Defending the target

Aaron Wright rushes into “Hawaii Five-O” headquarters, with a huge request. He describes the story of the melee that same morning at his office, which left four people dead. He pleads for help from “Hawaii Five-O” because the killers have seen his face.

He actually gave them access to the area by letting them board his elevator. The evil genius terrorizes Tani (Meaghan Rath) that morning in her home, but she takes care of him this time.

In defense of national security and justice, the team agrees to help, but not before inflicting some hurt on the perpetrator who took out “Toast,” the truly good-hearted hacker who helped “Hawaii Five-O” in many a pinch.

Jerry (Jorge Garcia) delivers a blow right to the face, knocking Wright straight to the floor. Wright insisted that because he came to “Hawaii Five-O,” even knowing what he was in for, his intent was validated.

Steve makes contact with the NSA at the scene. Even then, Wright’s relationship with the agency seems a little murky, but naturally, they are interested in keeping US information safe. Steve ultimately believes the branch office chief, Flores (José Zuniga).

The gunmen also wiped the computers of their victims. Jerry agrees to a plan to transfer the NSA data, under the savvy and surveillance of Wright. After a hiccup at the front desk, he gains entry into the highly secured area, but his process is nearly interrupted by a wary intruder.

The investigation leads to NSA employee, Tim Aquino (Gabriel Kennedy), who was using his access to sophisticated information to shakedown the victims involved, selling their information.

He hit big paydirt when he got into the bank accounts of Kinross (Howard W Bishop) who was head of Cryolaris, a medical instrument company. A fake phone call engineered by Wright allows Jerry to get information on a dangerous anesthesia machine manufactured by the company. Despite patients being killed, the company preferred to pay settlements rather than recall the defective device.

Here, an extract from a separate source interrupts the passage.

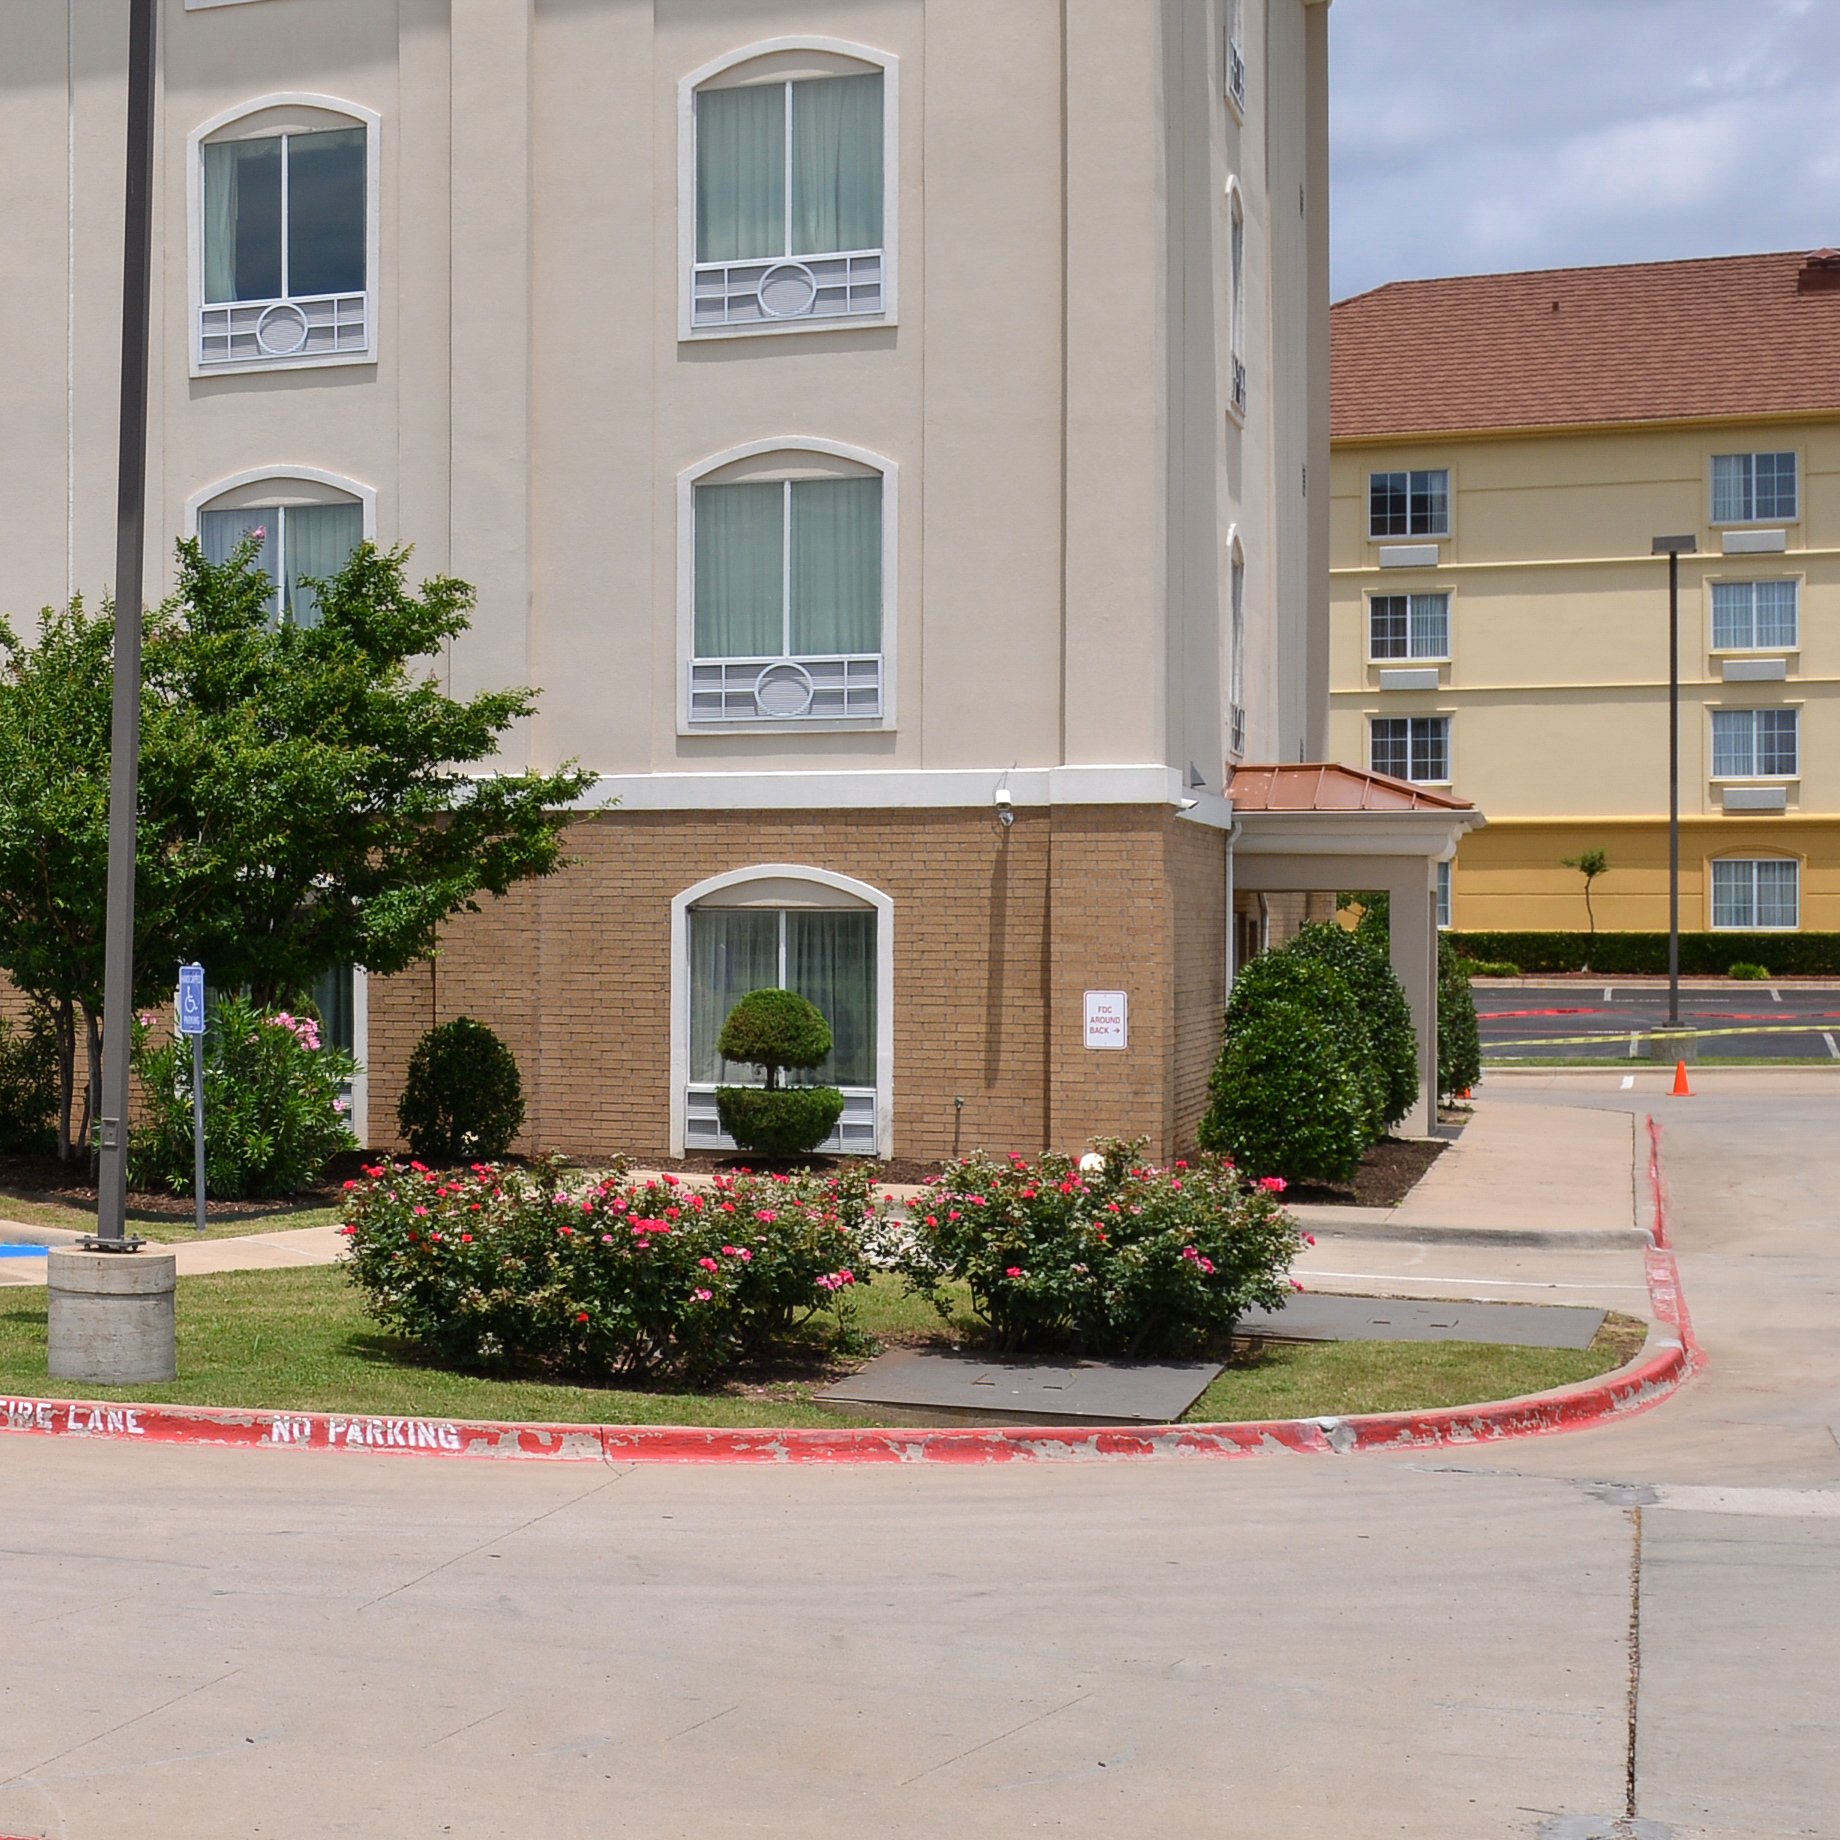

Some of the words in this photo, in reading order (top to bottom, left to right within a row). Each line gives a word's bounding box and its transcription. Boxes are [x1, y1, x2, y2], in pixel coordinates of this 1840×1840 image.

The only order that Steve gives to Aaron is to “stop talking.” The boss is barely able to resist his “punchable” face.

Driving, dodging, and delicious pastry

Tani and Junior take Wright’s telephone, driving around as bait for the gunmen. It doesn't take long for the action to start. Arguably the most bullet-riddled shootout in “Hawaii Five-O” history happens as Tani avoids being the literal target of their vehicle, driving like no other woman on cop TV.

From the time that Junior shouts “RPG at one o'clock!” more gunfire happens than in all of “Platoon.” Tani and Junior crash and overturn in the conflict, but somehow survive until McGarrett arrives in the nick of time to take the life-saving shot, just as “planned.”

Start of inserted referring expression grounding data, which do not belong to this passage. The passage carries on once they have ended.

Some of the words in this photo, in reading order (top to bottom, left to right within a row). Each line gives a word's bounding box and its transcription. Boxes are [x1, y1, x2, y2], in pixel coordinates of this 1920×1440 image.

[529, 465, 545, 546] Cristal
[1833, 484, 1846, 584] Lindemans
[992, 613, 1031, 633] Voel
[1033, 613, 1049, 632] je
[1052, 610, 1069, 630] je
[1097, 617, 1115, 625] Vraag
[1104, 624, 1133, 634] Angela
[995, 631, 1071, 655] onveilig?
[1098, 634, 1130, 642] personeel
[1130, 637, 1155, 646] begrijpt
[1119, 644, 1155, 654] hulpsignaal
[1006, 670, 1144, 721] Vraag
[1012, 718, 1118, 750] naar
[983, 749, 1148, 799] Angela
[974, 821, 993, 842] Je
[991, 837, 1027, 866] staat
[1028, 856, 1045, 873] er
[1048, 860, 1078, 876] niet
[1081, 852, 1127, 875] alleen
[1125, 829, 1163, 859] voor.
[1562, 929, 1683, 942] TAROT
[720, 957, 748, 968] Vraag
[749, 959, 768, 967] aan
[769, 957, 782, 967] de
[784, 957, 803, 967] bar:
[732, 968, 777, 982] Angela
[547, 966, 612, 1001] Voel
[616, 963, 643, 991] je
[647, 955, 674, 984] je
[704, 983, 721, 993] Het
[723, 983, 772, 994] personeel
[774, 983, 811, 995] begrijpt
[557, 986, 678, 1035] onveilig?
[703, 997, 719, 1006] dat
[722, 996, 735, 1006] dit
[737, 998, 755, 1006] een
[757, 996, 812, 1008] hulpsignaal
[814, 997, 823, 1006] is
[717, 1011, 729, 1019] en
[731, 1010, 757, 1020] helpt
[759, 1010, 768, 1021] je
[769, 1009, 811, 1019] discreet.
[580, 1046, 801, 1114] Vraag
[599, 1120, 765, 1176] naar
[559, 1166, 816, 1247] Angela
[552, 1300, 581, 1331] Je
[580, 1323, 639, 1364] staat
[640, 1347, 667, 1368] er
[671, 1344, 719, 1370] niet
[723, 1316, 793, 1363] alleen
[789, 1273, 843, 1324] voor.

Percy and Lou haven’t been reunited since last Thanksgiving dinner, but when Percy knows that his recipe for a delicious pastry has been purloined by a competitor, he plays the brother card to get Lou to crack the case.

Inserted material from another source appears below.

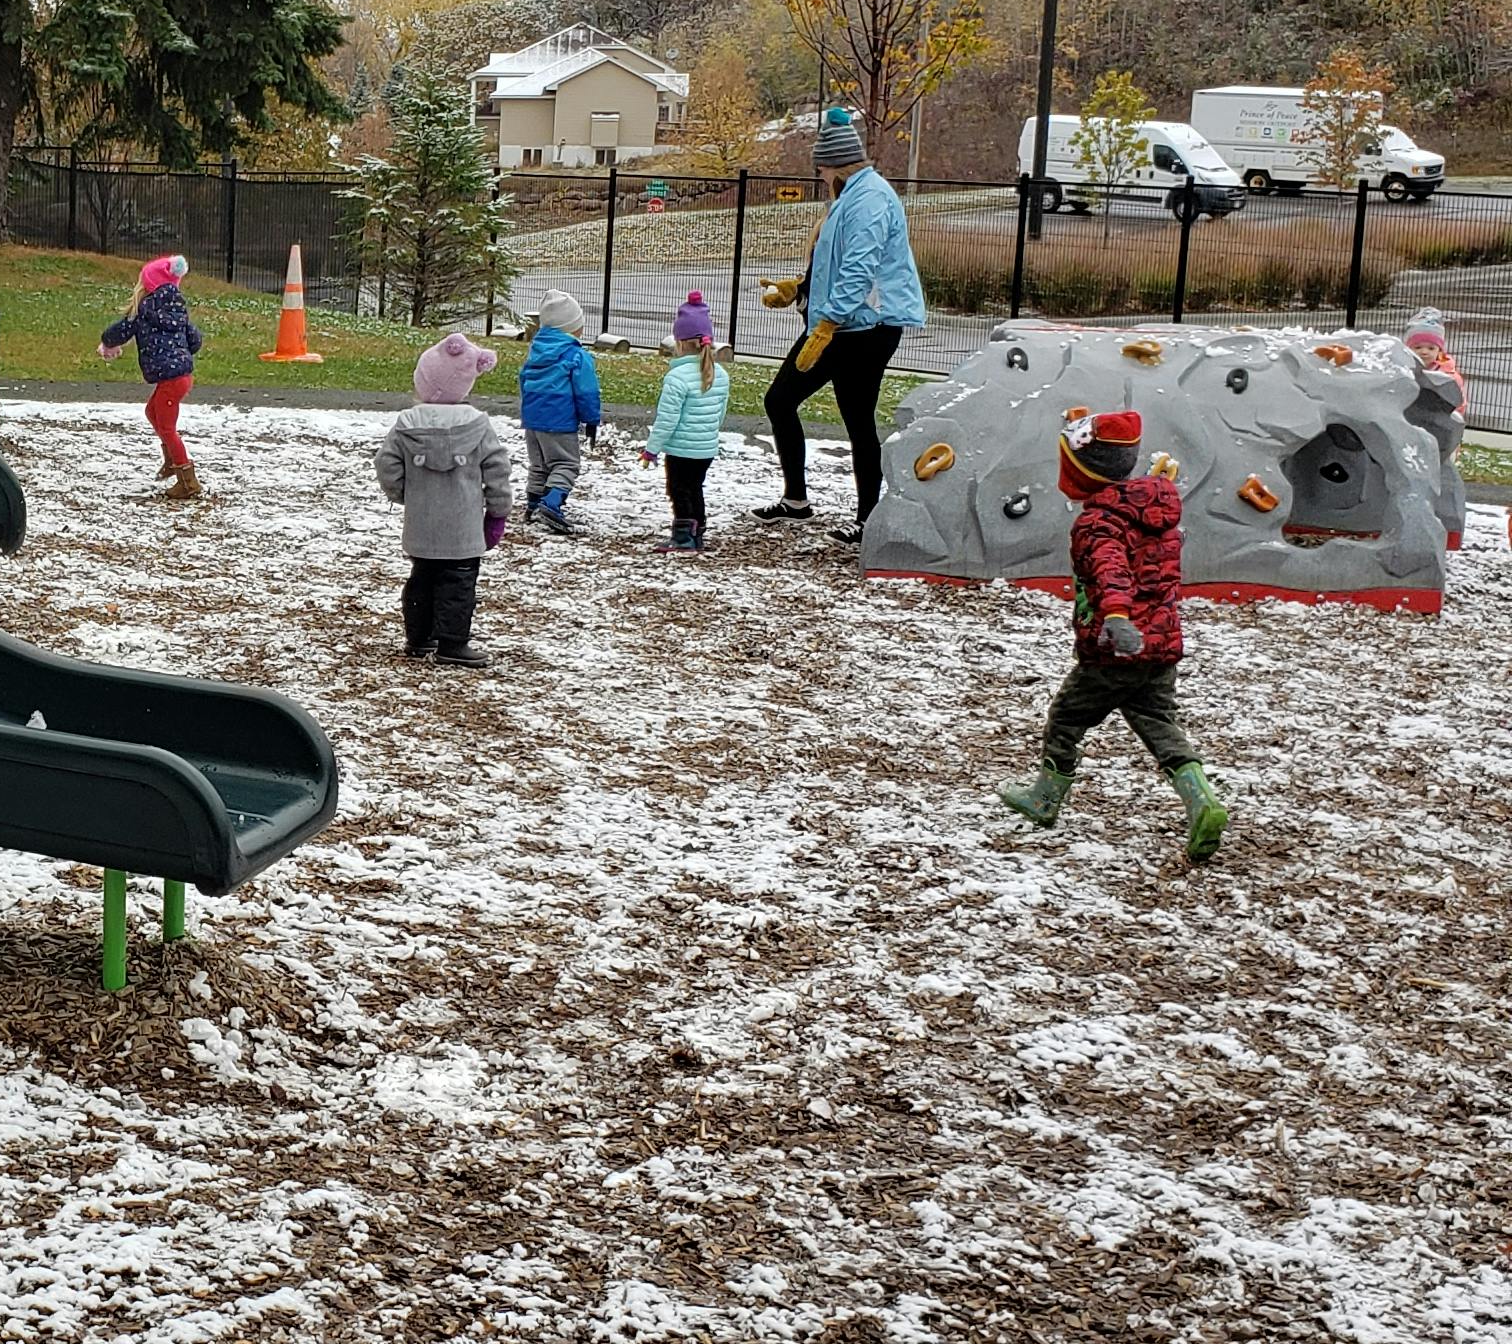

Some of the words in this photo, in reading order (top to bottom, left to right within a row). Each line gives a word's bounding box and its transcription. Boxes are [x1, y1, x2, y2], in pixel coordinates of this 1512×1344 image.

[1239, 109, 1264, 118] Prince
[1266, 111, 1276, 120] of
[1276, 111, 1298, 120] Peace

On a visit to the competitor, the owner insists that he uses only “an original family recipe.” Lou doesn't buy that, and pretty soon, the owner breaks and admits that he buys the pastries wholesale-- from Flippa (Shawn Mokuahi Garnett). Flippa proposes that he and Percy go in on their own pastry business, and Lou becomes interested, too.

The most pivotal personal moment of this episode takes place for Junior at the parole hearing. He has prepared to face a hardened, evil, and unremorseful inmate.

Instead, he sees and hears a man who is haunted by the injury he caused, the fatality and its aftermath. Junior stands to read his prepared statement, but instead, he crumples it and relates how he has given hate too much power. He declares his fear that some of the memories of his sister may be “gone forever” because he allowed bitterness to replace the memory of her joyful spirit. He says that Maya would have wanted him to forgive.

Tani is there to support Junior, who still fears how his father will react to the response.

Jerry traces invoices to hundreds of thousands of dollars that Aaron Wright has rerouted to himself, and found proof that he knew about the attack. Steve tries to contact Flores, but it is too late. Wright shoots his NSA boss dead, then emerges from the car in a smoky haze, sure to make another getaway.